As performed last fall at the off-Broadway Public theater, Hair was an unpretentious, charming, swinging little musical.  Not without flaws, it was nevertheless youthful, zestful, tuneful, and brimming of life.  In it's new Broadway version, it is merely fulsome.  What happened?  It would seem that the new producer was hell-bent on giving uptowners a sensational revelation of how it really is; as part of that endeavor, he hired Tom O'Horgan (of Cafe La Mama, Futz, and Tom Paine fame) as director.  Now, O'Horgan is a sort of off-off-Broadway Peter Brooks: clever, chic, and at bottom, quite commercial.  Given his first go at Broadway, he was, like the producer, out to epater les bourgeois for all he was worth (which, in my book, is not very much); but, at the same time, care had to be exercised only to titillate the middle class, not to offend it.  So, with shock and inoffensiveness as it's contradictory aims, Hair was off on an internal collision course.
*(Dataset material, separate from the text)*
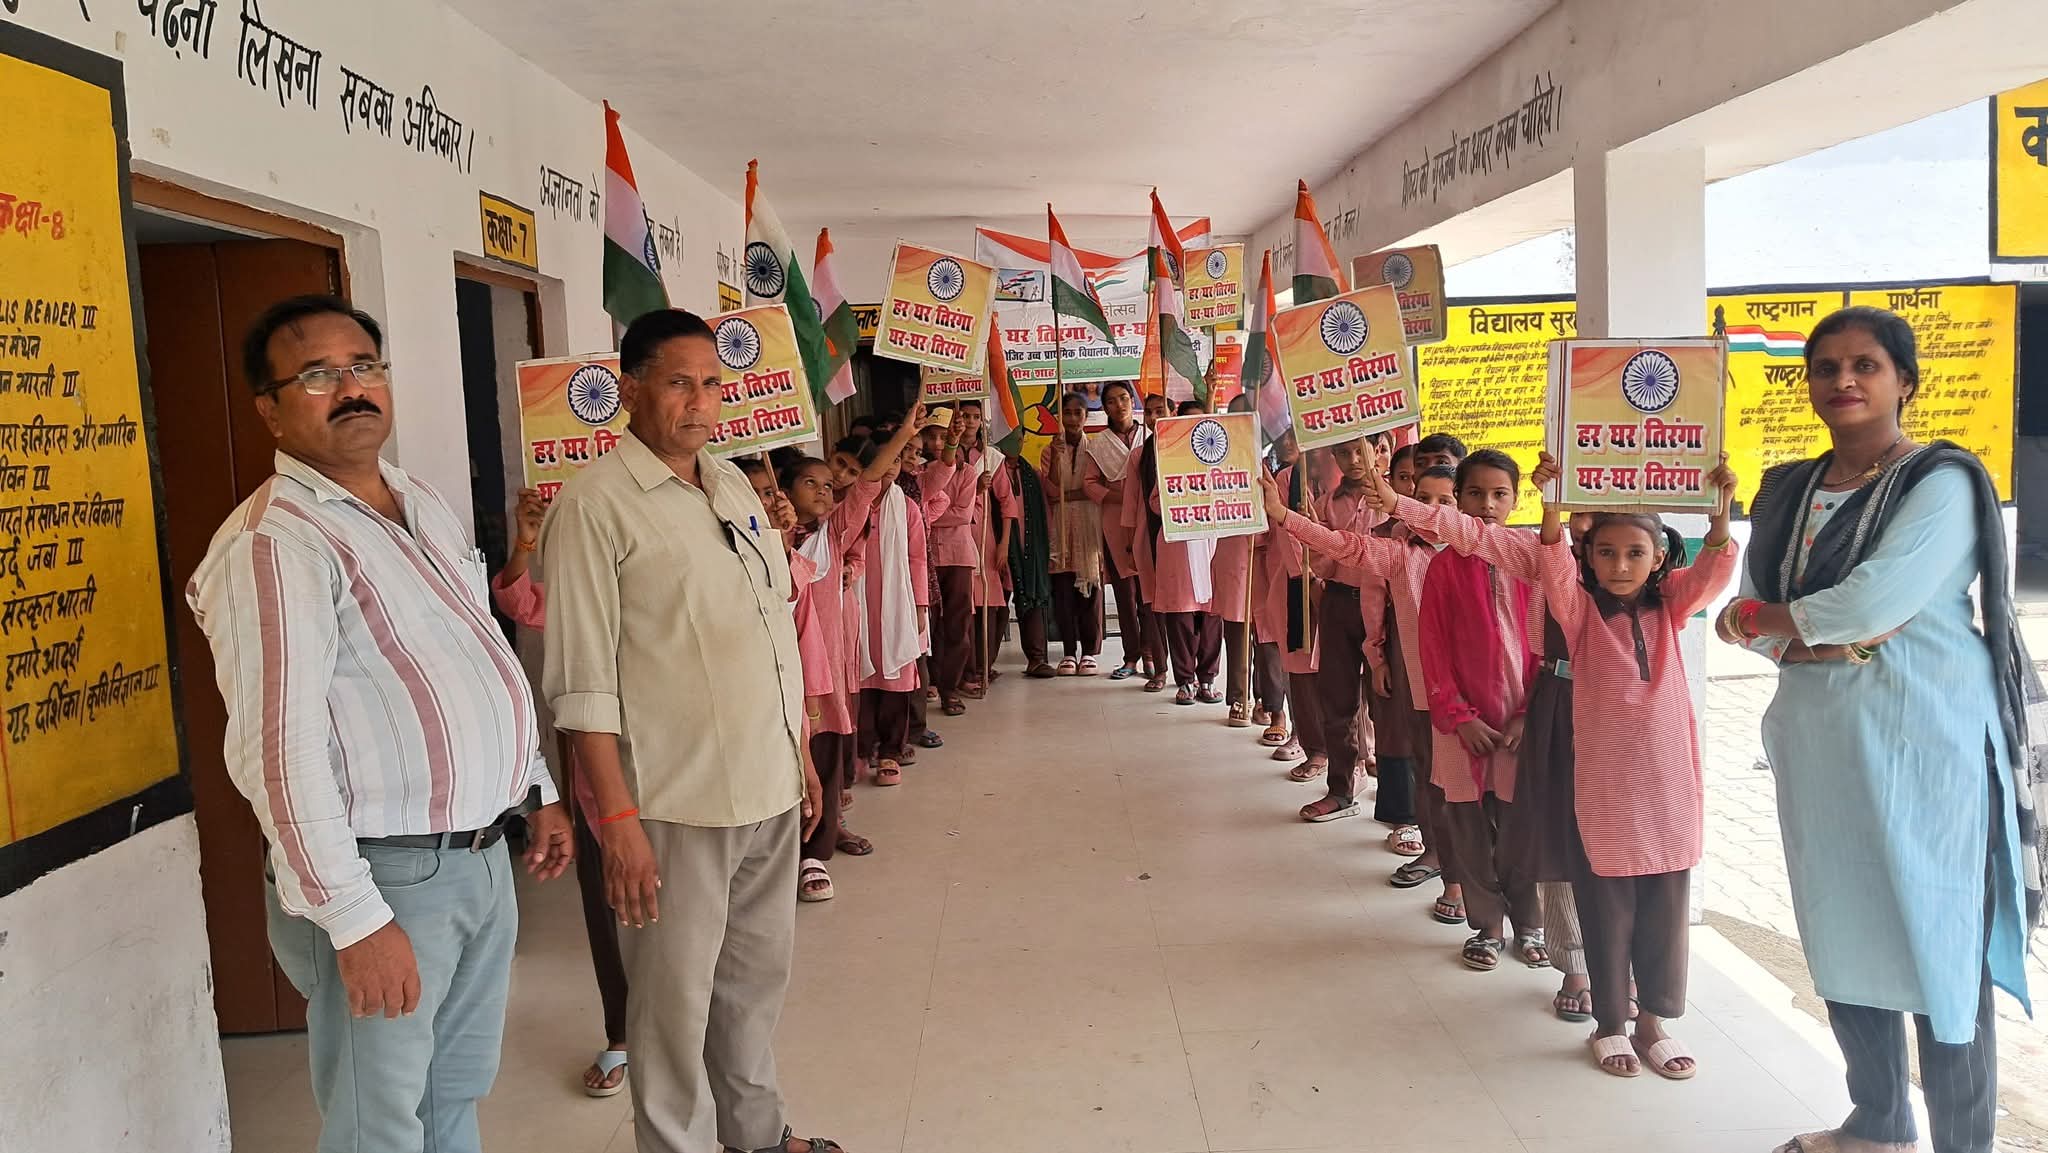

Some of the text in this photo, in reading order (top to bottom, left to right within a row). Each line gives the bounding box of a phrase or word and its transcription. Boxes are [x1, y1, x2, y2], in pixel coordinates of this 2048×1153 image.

Typically, nudity, perversion, four letter words were built up, whereas the story with it's anti-war but also anti-bourgeois bias was either soft-pedaled or transmogrified into stingless farce, when not, actually, thrown out altogether.  Thus there appeared throughout the original Hair a burlesque middle-class couple, who were also the hero's parents, but mostly the epitome of smug squareness.  these figures have been turned into a transvestite posing as a bourgeois with a castrato sidekick; or, in the family scene, a father and mother each in triplicate, the main third of the mother again a man in drag.  The wistfully comic and, granted, somewhat uninspired plot has yielded to something worse: pseudoimprovisatory extravaganza.  Even such a fetchingly bittersweet number as a girl hippie's lament for a lover who just yipped in and out, surrounded by all those overproduction values, loses it's fragile nostalgia.  Where gerald Freeman's original direction really scored, as in a dance number showing, in bizarre superimposition, the history of America and of Vietnam as the tragicomic slaughter of one race or religion by the next in an unending vicious circle, O'Horgan goes out of his way to make his staging gratuitously different, and succeeds in killing the point.

Some members of the original company remain very funny and endearing.  Gerome Ragni, one of the authors of the late book and lyrics, is still outrageously droll; though James Rado, his co-author and new to the cast, is pallid.  Two of the original girls, Sally Eaton and Shelley Plimpton, are irresistible: the one a nearsighted, concupiscent teddy bear; the other all ethereal poignancy.  The new leading lady, Lynn Kellogg, though pretty, has the personality of a corn flake; her sprightly and full-voiced predecessor, Jill O'Hara, is now wasting her gifts on the vacuous musical George M., which also preempted the zest of Susan Batson and of Jonelle Allen.  Galt MacDermot's music is still delicious, though the new numbers are not up to the old.  So it is a Hair both overgrown and shorn; but for those who missed it downtown, still guardedly recommended. (At the Biltmore)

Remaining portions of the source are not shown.